Problem statement: An exact copy of every record below is needed, with the pictures left out.

Given information:
%%

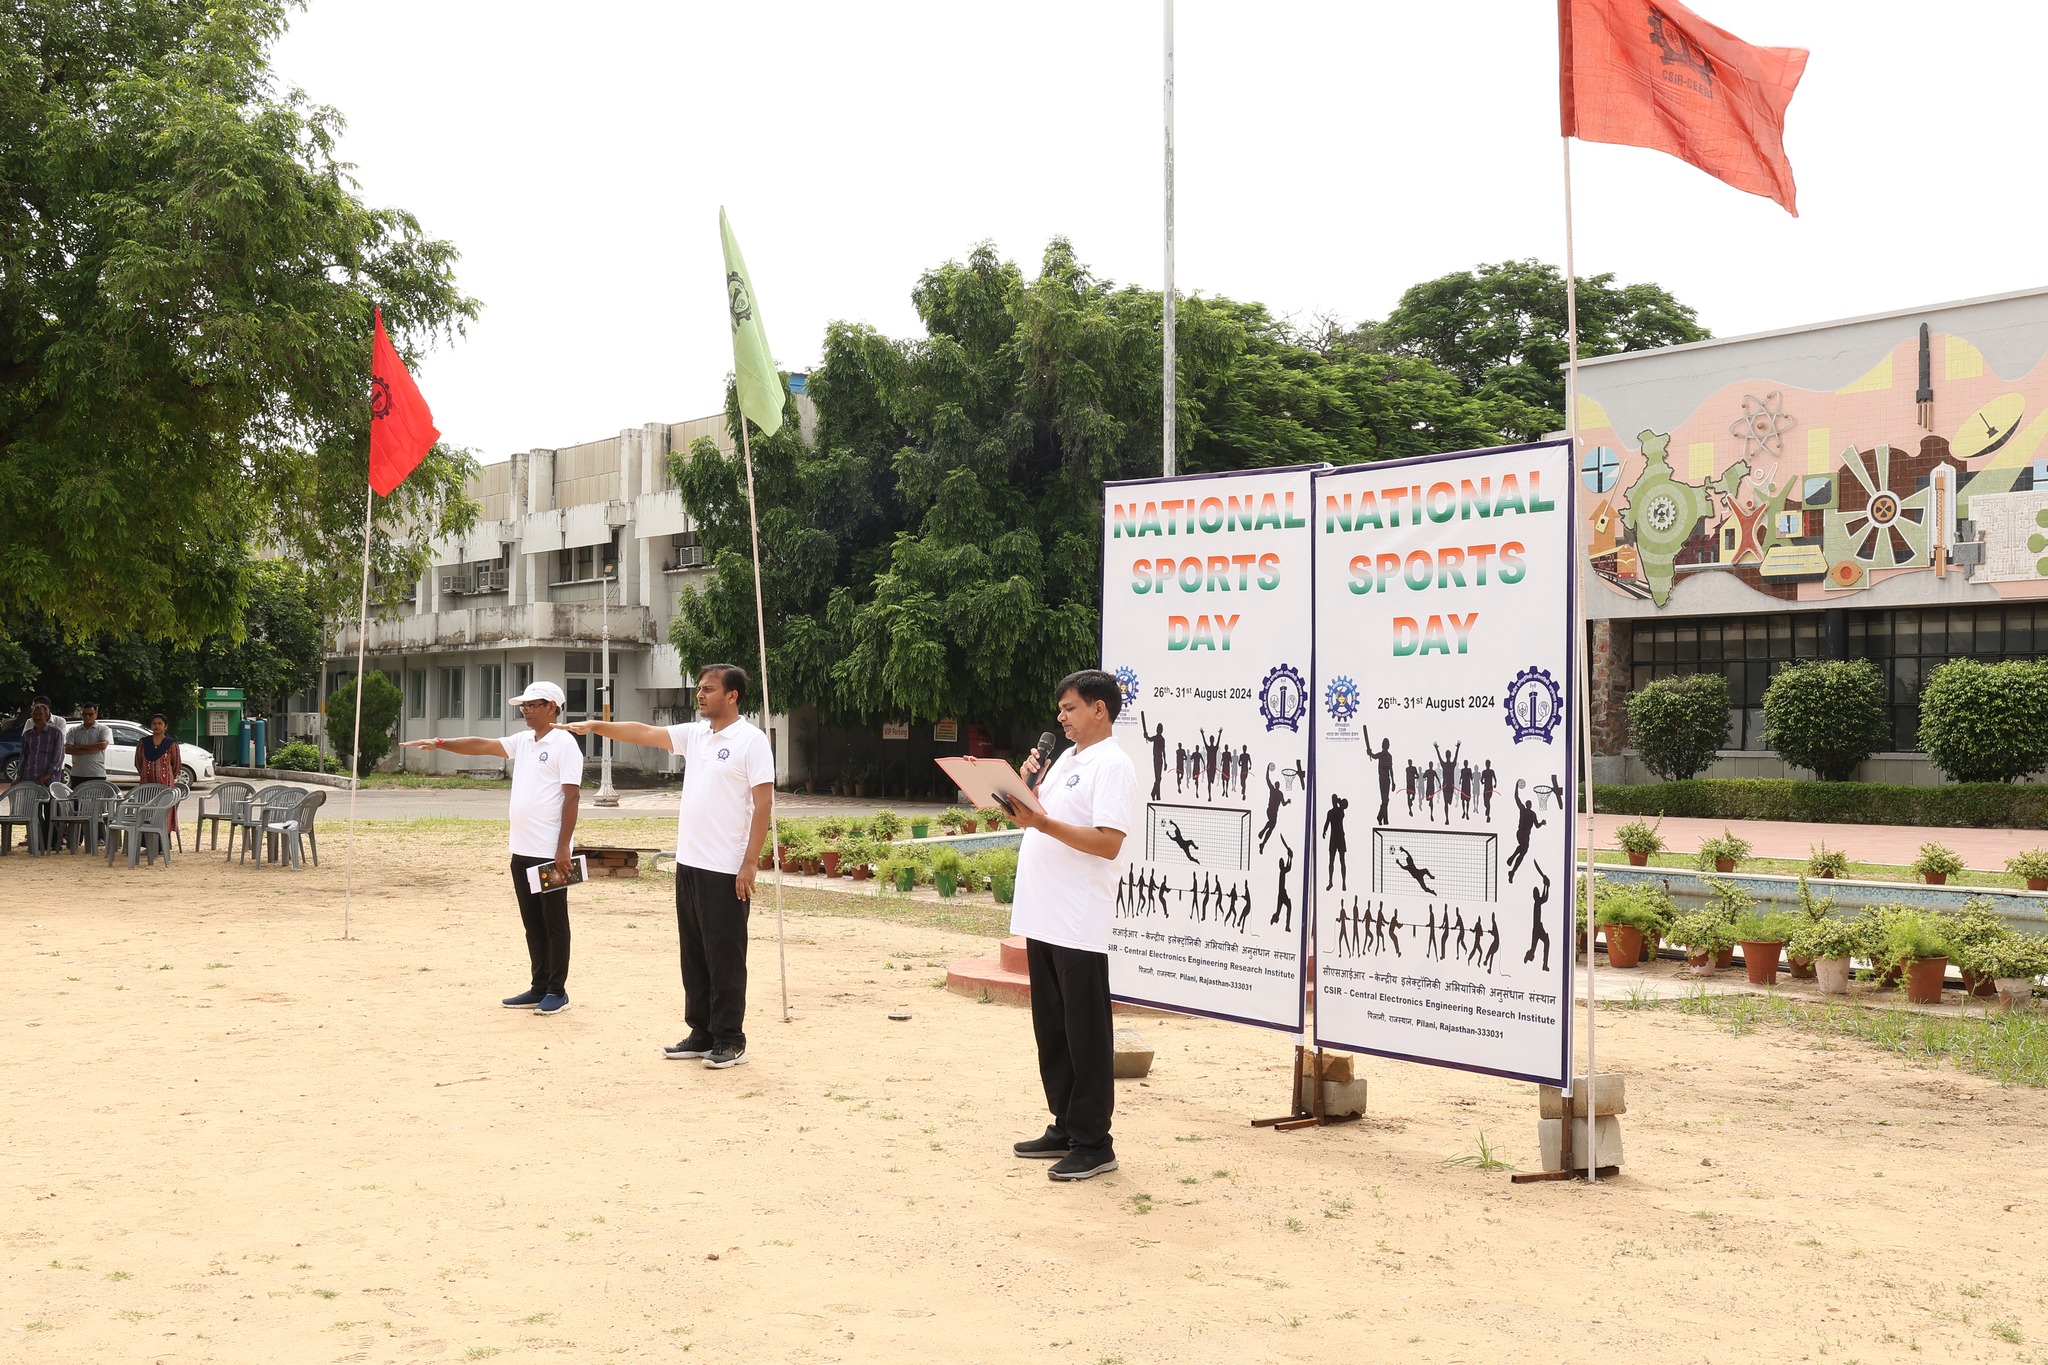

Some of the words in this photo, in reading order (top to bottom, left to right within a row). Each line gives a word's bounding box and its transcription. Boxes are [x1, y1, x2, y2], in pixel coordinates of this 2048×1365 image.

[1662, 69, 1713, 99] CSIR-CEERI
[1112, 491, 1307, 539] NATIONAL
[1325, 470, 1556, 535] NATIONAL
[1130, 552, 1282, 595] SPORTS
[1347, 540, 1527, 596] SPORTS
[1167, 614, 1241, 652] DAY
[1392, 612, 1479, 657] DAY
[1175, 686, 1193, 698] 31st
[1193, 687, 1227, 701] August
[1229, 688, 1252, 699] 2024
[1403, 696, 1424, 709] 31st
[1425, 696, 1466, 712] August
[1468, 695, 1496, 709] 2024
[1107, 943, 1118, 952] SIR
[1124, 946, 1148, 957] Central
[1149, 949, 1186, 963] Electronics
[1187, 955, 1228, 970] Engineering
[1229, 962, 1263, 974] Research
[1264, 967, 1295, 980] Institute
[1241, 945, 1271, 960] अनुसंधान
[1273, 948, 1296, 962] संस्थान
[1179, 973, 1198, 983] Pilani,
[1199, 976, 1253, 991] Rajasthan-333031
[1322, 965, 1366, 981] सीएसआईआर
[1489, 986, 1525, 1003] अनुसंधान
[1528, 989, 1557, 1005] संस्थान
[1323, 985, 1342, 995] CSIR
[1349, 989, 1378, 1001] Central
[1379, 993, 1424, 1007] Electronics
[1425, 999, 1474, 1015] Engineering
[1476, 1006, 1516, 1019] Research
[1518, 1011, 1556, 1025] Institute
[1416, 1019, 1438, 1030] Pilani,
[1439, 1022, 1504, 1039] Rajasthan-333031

%%

Solution to this exercise:
Some of the words in this photo, in reading order (top to bottom, left to right within a row). Each line gives a word's bounding box and its transcription. Boxes are [x1, y1, x2, y2], in pixel coordinates of this 2048×1365 image.

[1662, 69, 1713, 99] CSIR-CEERI
[1112, 491, 1307, 539] NATIONAL
[1325, 470, 1556, 535] NATIONAL
[1130, 552, 1282, 595] SPORTS
[1347, 540, 1527, 596] SPORTS
[1167, 614, 1241, 652] DAY
[1392, 612, 1479, 657] DAY
[1175, 686, 1193, 698] 31st
[1193, 687, 1227, 701] August
[1229, 688, 1252, 699] 2024
[1403, 696, 1424, 709] 31st
[1425, 696, 1466, 712] August
[1468, 695, 1496, 709] 2024
[1107, 943, 1118, 952] SIR
[1124, 946, 1148, 957] Central
[1149, 949, 1186, 963] Electronics
[1187, 955, 1228, 970] Engineering
[1229, 962, 1263, 974] Research
[1264, 967, 1295, 980] Institute
[1241, 945, 1271, 960] अनुसंधान
[1273, 948, 1296, 962] संस्थान
[1179, 973, 1198, 983] Pilani,
[1199, 976, 1253, 991] Rajasthan-333031
[1322, 965, 1366, 981] सीएसआईआर
[1489, 986, 1525, 1003] अनुसंधान
[1528, 989, 1557, 1005] संस्थान
[1323, 985, 1342, 995] CSIR
[1349, 989, 1378, 1001] Central
[1379, 993, 1424, 1007] Electronics
[1425, 999, 1474, 1015] Engineering
[1476, 1006, 1516, 1019] Research
[1518, 1011, 1556, 1025] Institute
[1416, 1019, 1438, 1030] Pilani,
[1439, 1022, 1504, 1039] Rajasthan-333031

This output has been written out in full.